Hay momentos que uno vive sin saber que, con el tiempo, se convertirán en memoria colectiva. El 16 de febrero de 1993 fue uno de esos días. Para quienes estuvimos ahí, era simplemente un acto universitario más: una toma de protesta, una responsabilidad asumida, la convicción juvenil de que participar tenía sentido. Treinta y tres años después, esa fotografía ya no habla sólo de un instante. Habla del inicio de caminos.
En aquella mesa coincidimos jóvenes formados en la Universidad Autónoma de Yucatán –con excepción de Dulce María Sauri Riancho, cuya presencia representaba ya entonces la experiencia y la dimensión de la vida pública— sin imaginar que el tiempo nos llevaría a responsabilidades distintas, pero unidas por un mismo origen: la universidad como espacio de formación, debate y compromiso. Carlos Pasos Novelo, quien años después sería rector de la UADY, había sido dirigente estu diantil antes de asumir responsabilidades institucionales mayores.
Su trayectoria confirma algo que sólo se entiende con los años: la universidad enseña a conducir, a escuchar y a comprender que las decisiones colectivas siempre exigen responsabilidad. Roberto Pinzón Álvarez recorrió un camino semejante. De la representación estudiantil pasó a la vida legislativa hasta presidir el Congreso. Su historia recuerda que la política no empieza en los cargos, sino en la disposición de participar cuando aún se es estudiante y se cree que es posible cambiar las cosas.

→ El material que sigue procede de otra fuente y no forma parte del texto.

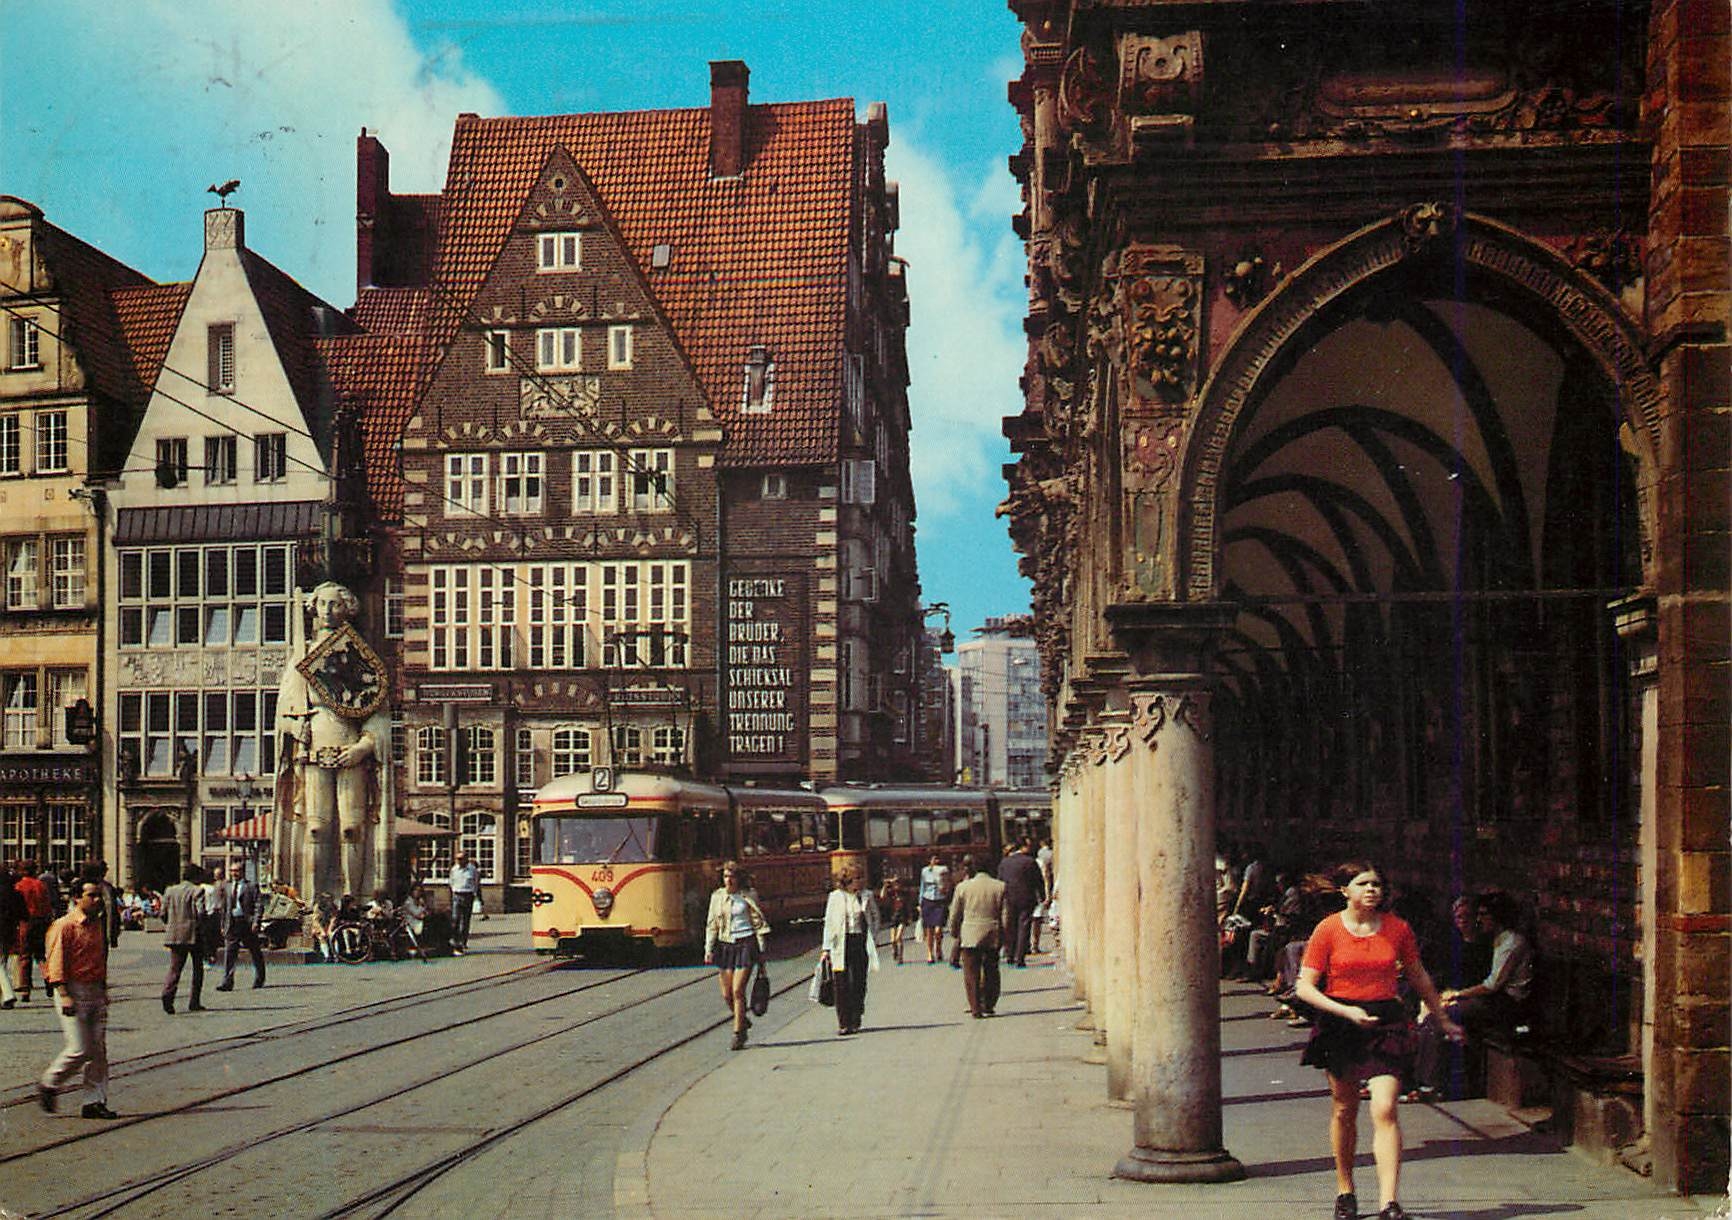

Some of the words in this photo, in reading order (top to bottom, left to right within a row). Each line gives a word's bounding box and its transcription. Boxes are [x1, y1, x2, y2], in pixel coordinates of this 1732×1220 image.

Ligia Cortés Ortega, quien en aquel momento compartía esa misma etapa universitaria y posteriormente llegaría a presidir el Poder Judicial, representa la fuerza silenciosa de quienes entienden que las instituciones se sostienen en la legalidad, el equilibrio y la responsabilidad. Su trayectoria es también testimonio de cómo la formación universitaria puede convertirse en servicio al Estado. Carlos Aguilar Cervantes encabezaba aquella dirigencia estudiantil.
En ese momento, el liderazgo significaba organizar, dialogar y asumir decisiones frente a compañeros que esperaban representación auténtica. Con el paso del tiempo se comprende que esos espacios son, en realidad, los primeros ensayos de la vida pública. Y en lo personal, formar parte de aquella generación significó entender que la participación no termina cuando concluye una etapa. La universidad deja una marca permanente: la idea de que el conocimiento debe servir, que la justicia debe construirse todos los días y que el compromiso con la sociedad no es un discurso, sino una forma de vida.
Hoy, al mirar esa imagen, lo que más llama la atención no son los cargos que vendrían después, sino algo más simple y más profundo: éramos jóvenes creyendo que participar valía la pena. Tal vez esa sea la enseñanza más importante para las nuevas generaciones. Nadie sabe, mientras vive su juventud, hasta dónde llegarán sus decisiones. Ninguno de nosotros imaginaba entonces las responsabilidades futuras. Lo único claro era la voluntad de involucrarse. La universidad no sólo nos dio una profesión.
Nos dio una forma de entender la vida pública. Treinta y tres años después, esa sigue siendo la invitación para los jóvenes de hoy: participar, prepararse y no renunciar a la idea de que el futuro también se construye desde las aulas. Porque algunas historias comienzan sin que uno lo note… y sólo el tiempo revela su verdadero significado.